Recognize that the experiences of LGBTQ+ people are unique to each individual, but there are general, compounded issues in the eyes of POC LGBTQ+ that can only be addressed by seeking out that guidance from those specific POC in meeting their needs at work. Once this is recognized, seek out that knowledge from them rather than making presumptions about what those needs are and how to fill them. When evaluating and grappling with the complexities of racial prejudice, such as in bias awareness training, take into consideration–and add to that breadth of training–the presence of LGBTQ+ identities as part of that experience. Don’t be afraid to explore the nuances in cultural stigma particularly for LGBTQ+ people of color in their own communities.

Equip our teams, employee resource groups, and workforces with a deeper understanding of the intersections in race, ethnicity, gender, and sexuality and how those intersections inform the complexities of individuals’ experiences. Offer intersectional allyship and programming, let individuals self-identify at work, and institute gender-neutral language in formal policies and procedures.

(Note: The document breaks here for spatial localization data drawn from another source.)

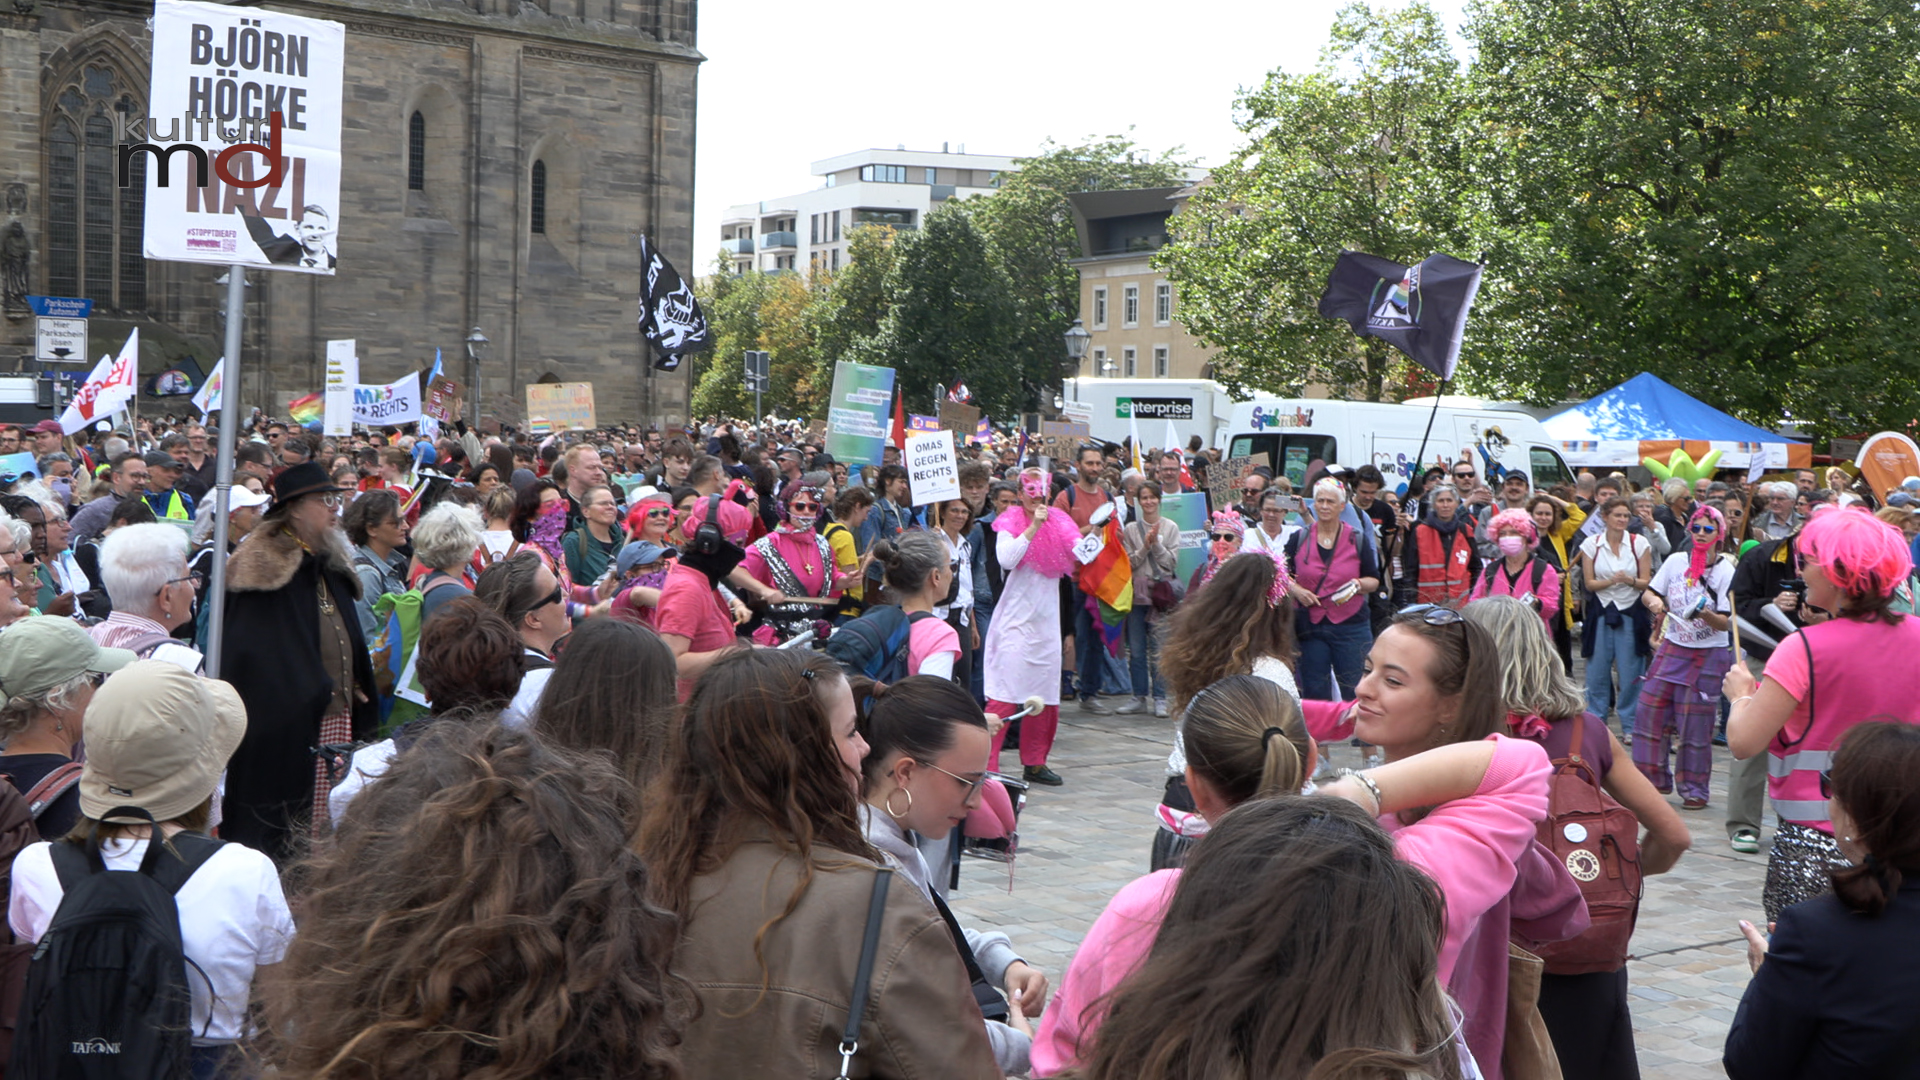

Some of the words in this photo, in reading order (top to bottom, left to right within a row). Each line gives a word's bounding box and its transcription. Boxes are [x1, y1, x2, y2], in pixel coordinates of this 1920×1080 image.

[190, 19, 309, 77] BJÖRN
[188, 69, 307, 131] HÖCKE
[186, 148, 307, 221] NAZI
[44, 298, 86, 309] Parkschein
[48, 307, 80, 316] Automat
[40, 329, 84, 338] Parkschein
[51, 338, 73, 346] lösen
[370, 397, 409, 418] RECHTS
[1120, 401, 1192, 416] enterprise
[915, 440, 943, 453] OMAS
[914, 453, 947, 467] GEGEN
[913, 466, 952, 481] RECHTS
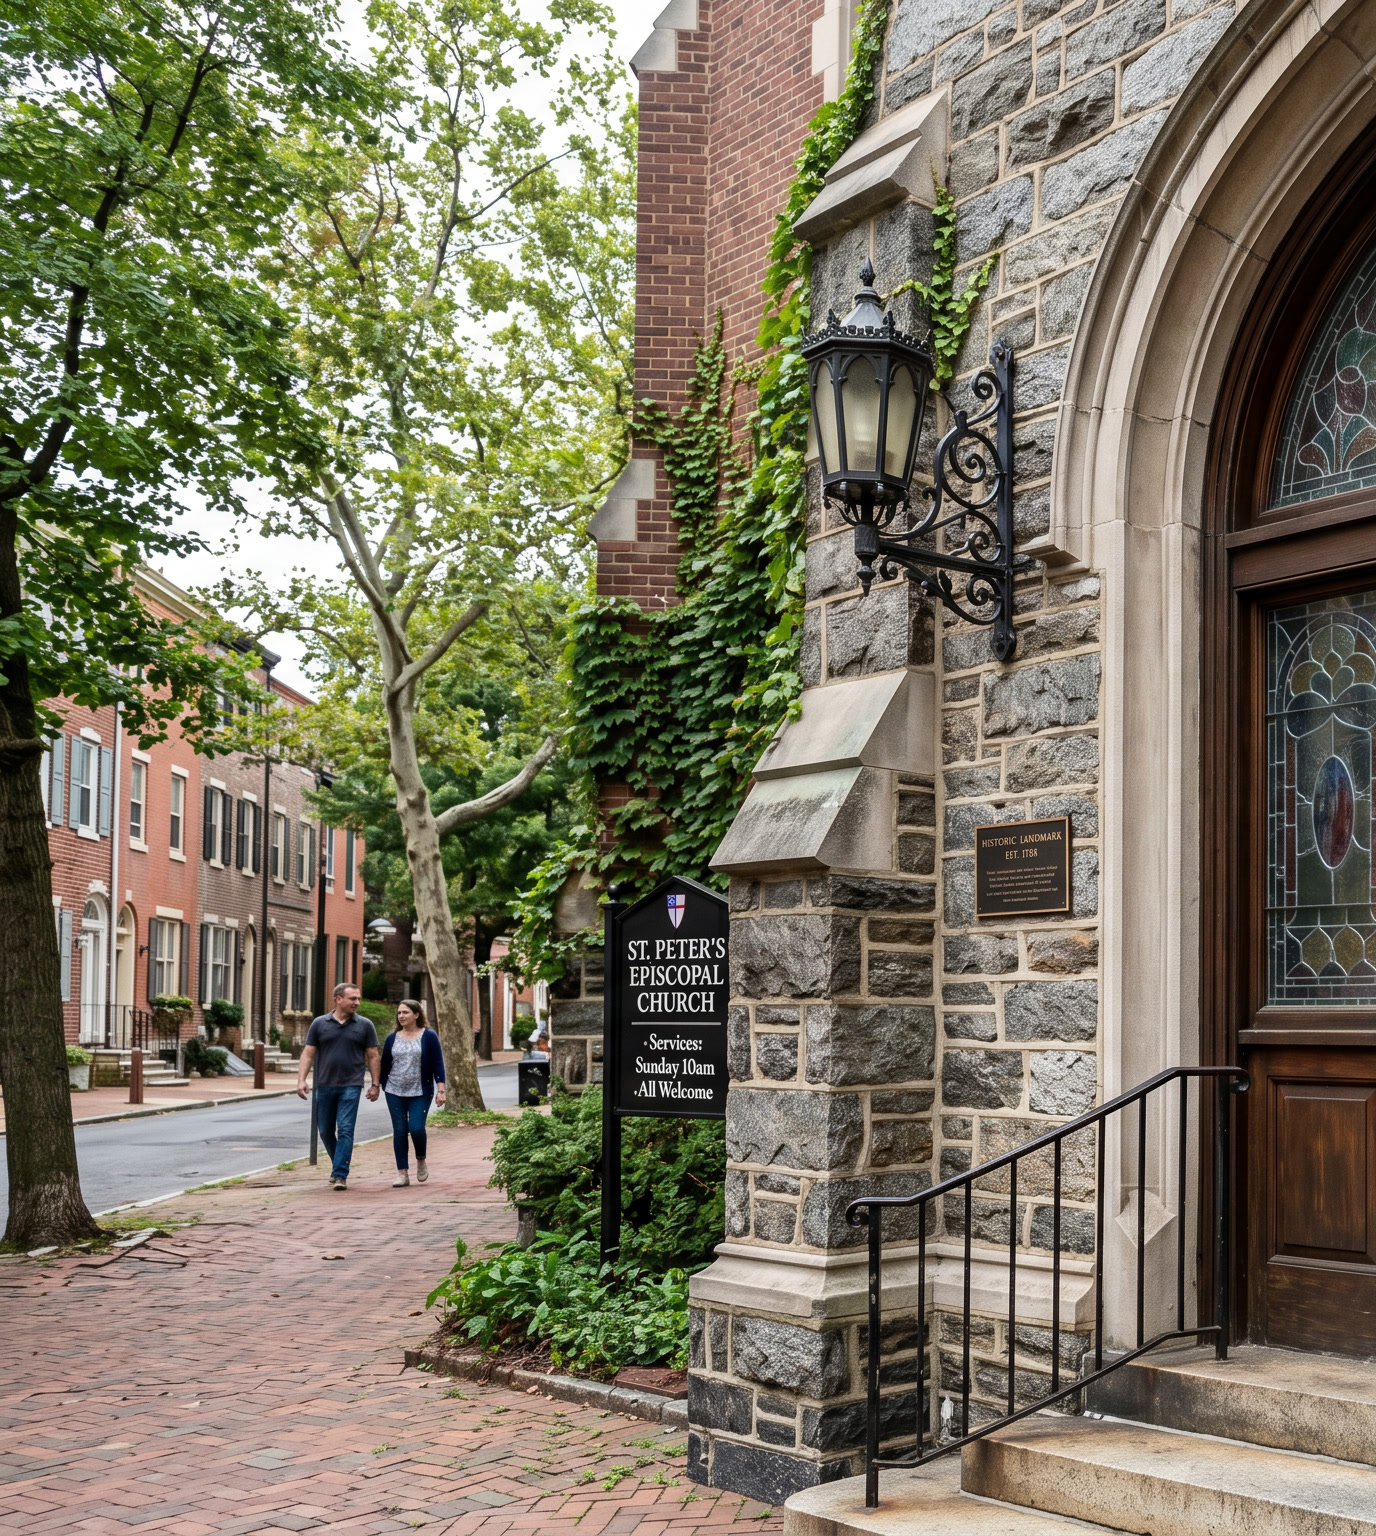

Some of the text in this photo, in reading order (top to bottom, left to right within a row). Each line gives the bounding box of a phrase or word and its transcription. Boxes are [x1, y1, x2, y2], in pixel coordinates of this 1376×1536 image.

[982, 836, 1017, 848] HISTORIC
[627, 937, 726, 961] ST. PETER'S
[629, 964, 725, 987] EPISCOPAL
[637, 991, 715, 1013] CHURCH
[649, 1033, 703, 1051] Services:
[635, 1056, 715, 1079] Sunday 10am
[637, 1080, 714, 1099] All Welcome

75%* of LGBTIA+ (including people of color) employees experience negative daily interactions at work related to their identities, but only 43%* of their straight counterparts noticed these incidents, and only 34%* of those stepped in and did something about it. When you hear someone say something like “gay people don’t want/have kids” or see teammates avoiding their LGBTIA+ colleagues, which is more likely to happen in managerial and higher leadership roles, do not passively condone it by saying, and/or doing nothing. A leader calls to other leaders, and there are leaders in LGBTIA+ POC on our teams, in our families, organizations, and task forces. Call to your trans and/or queer POC colleagues by standing beside them and taking the steps to make the environment a much more inclusive one. Such are just a few ways to be the change that we want to create as leaders in our industries, and these things take the boldness, courage, critical analysis, and diligence that does not come easy but comes nonetheless to those that lead by design.